Well, what if tree-sitter is given the following macro definition?

#    if !defined (LinkTargetKO) && !defined (__cc_lint__)
#    define maybe_tls(type) _task_local_/**/type
#    else
#    define maybe_tls(type) type
#    endif

> And this:
>
>   BEGIN_A_KIND_OF_SECTION ({
>       ENTRY (dx, dy, shx, shy)
>       float dx, dy, shx, shy;
>
>       if (!bar (other_function (dx, dy, shx, shy),
>               etc, etc, etc))
>       die ("bar", sys_errlist[errno]);
>     }, register float, section_name);
>
> can only be valid C if BEGIN_A_KIND_OF_SECTION does something very
> creative, like expands to nothing at all.  So, for a fair discussion,
> please show the macros used here, and let's see what does tree-sitter
> do when it's shown the macros.

This particular macro is a little too long for me to trim down into a
form I'm actually allowed to send here.  But what happens when
tree-sitter is shown the other macro, maybe_tls?

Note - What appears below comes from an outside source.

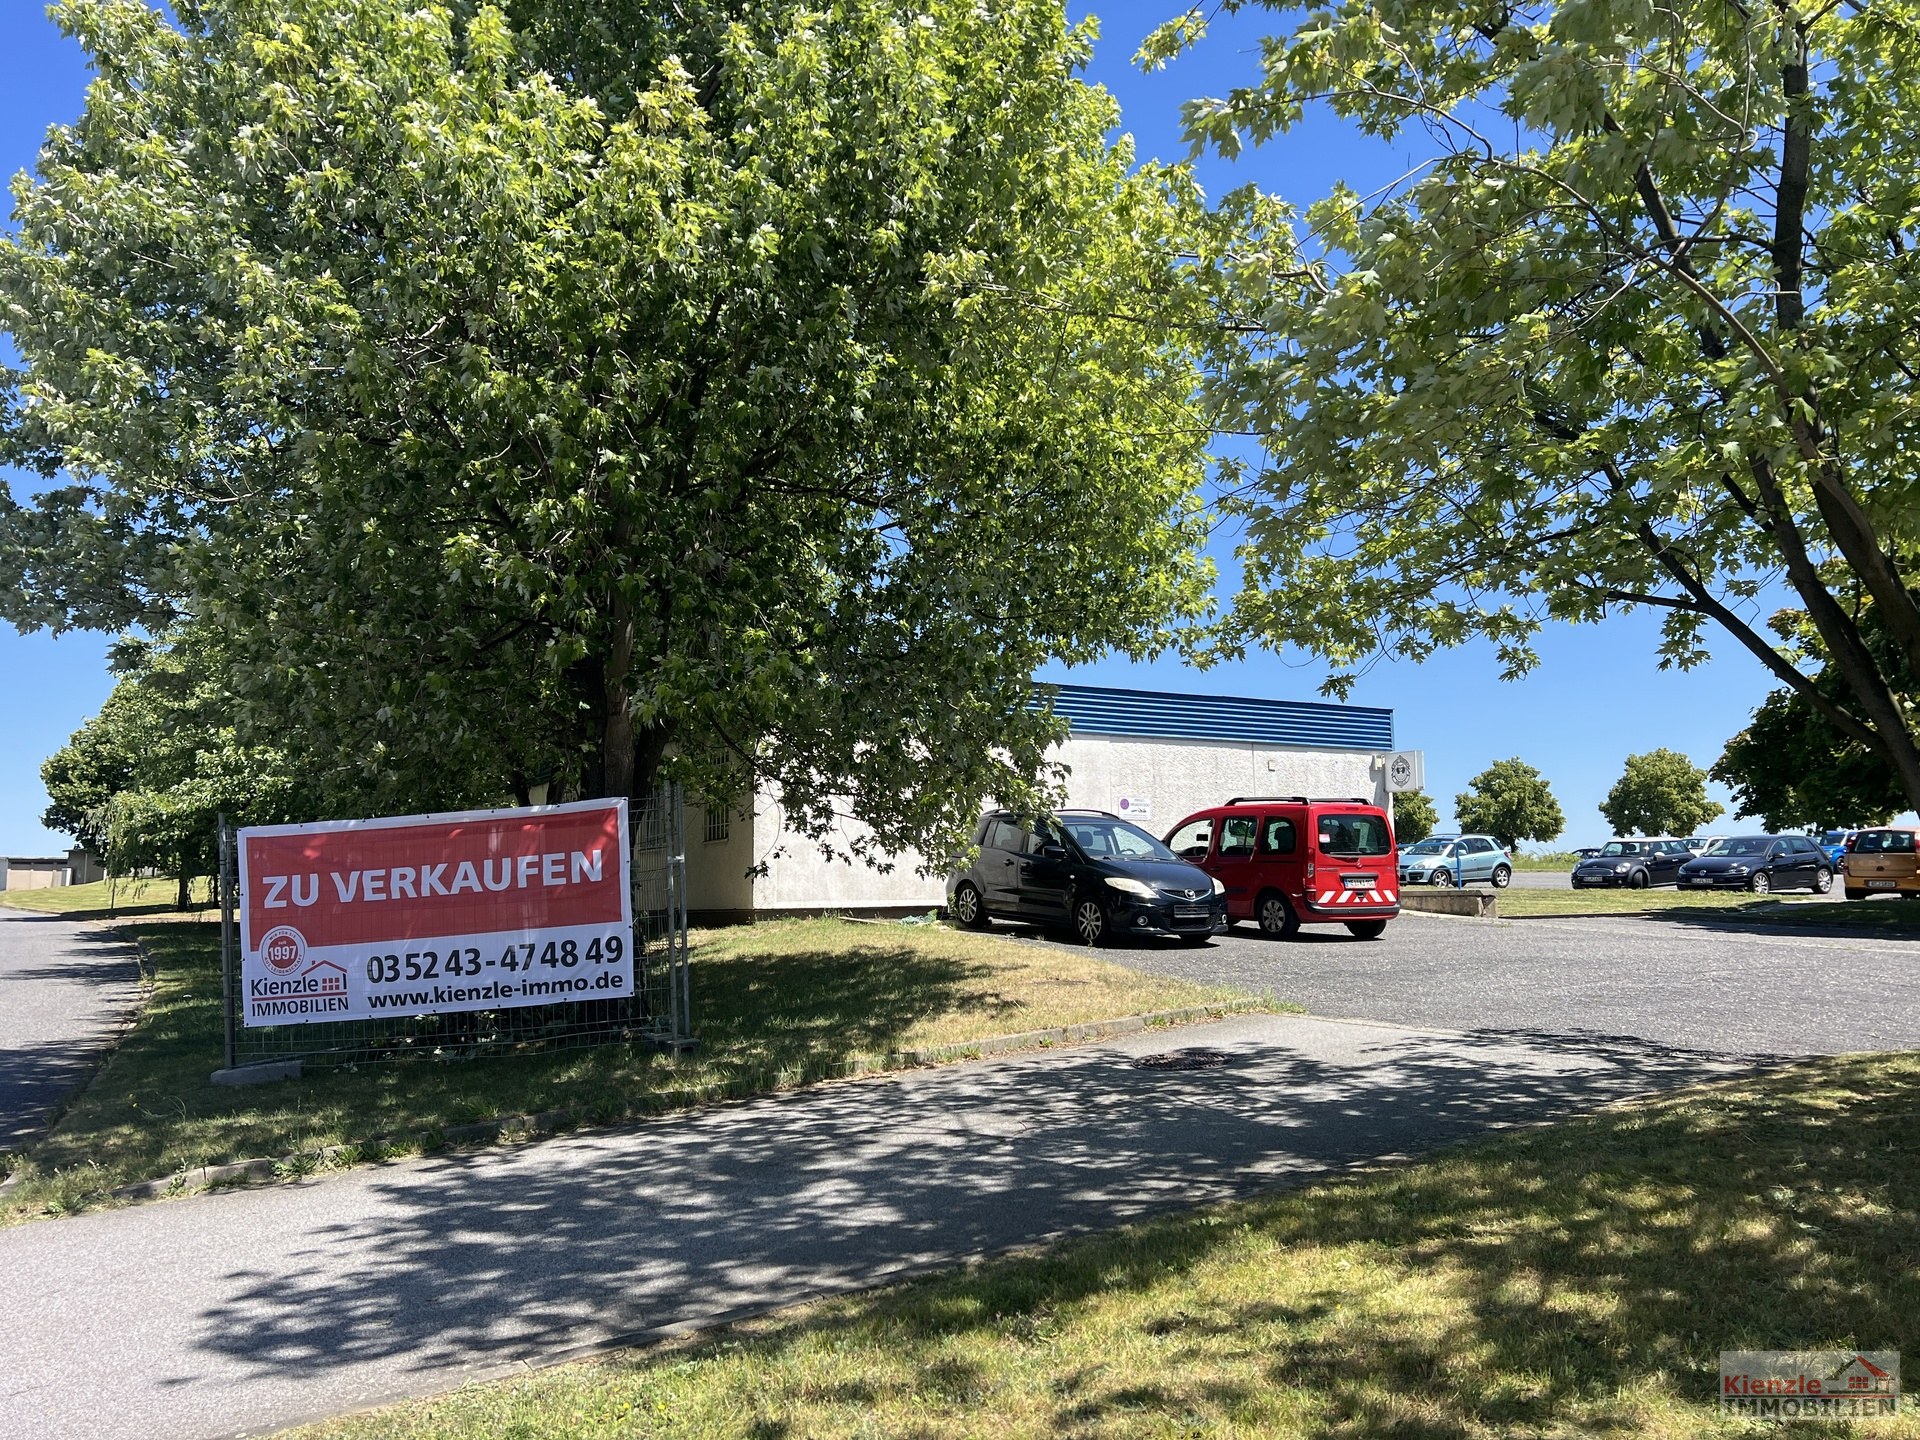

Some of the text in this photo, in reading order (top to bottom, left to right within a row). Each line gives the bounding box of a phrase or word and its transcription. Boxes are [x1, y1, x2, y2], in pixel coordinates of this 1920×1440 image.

> Why is that "much worse" than what CC Mode does?  Just yesterday I had
> a perfectly valid C code where CC Mode was unable to fontify several
> function calls correctly.  I attach it below.  You can see it
> yourself: go to line 2000 in treesit.c of the feature/tree-stter
> branch.  Unlike many CC Mode bugs, this one isn't transient: killing
> the buffer and revisiting the file reproduces the same problem.  (This
> problem seems to be solved in Emacs 29, btw.  But I see its like
> almost every day in other situations.)
>
> I'm quite sure CC Mode "succeeds" with your example of invalid C code
> simply by sheer luck.  And what's more important to me is that it
> fails in much simpler, straightforward cases, where I wouldn't expect
> any trouble at all.

Trust me, I have my own bad experiences with CC Mode fontification.  See
the slew of bugs I found and reported with Emacs 29's CC Mode just this
week: bug#58537, bug#58534, bug#58539.  My problem is the blanket
dismissal of what CC Mode actually gets right that seems to be
alarmingly prevalent around here ("... in Emacs 30, let's get rid of CC
Mode!")

> The code you posted didn't include the definition of P_, so how do you
> expect a parser to guess what it is?  Include it in the code, and
> let's see then what happens.

#    ifdef (__cc_check_protos__)
#    define _P(protos...) /**/protos
#    else
#    define _P(protos...)
#    endif

> This is valid C?

It is in this compiler (and C preprocessor), which has not seen major
updates since 1994, and is yet still used by suits.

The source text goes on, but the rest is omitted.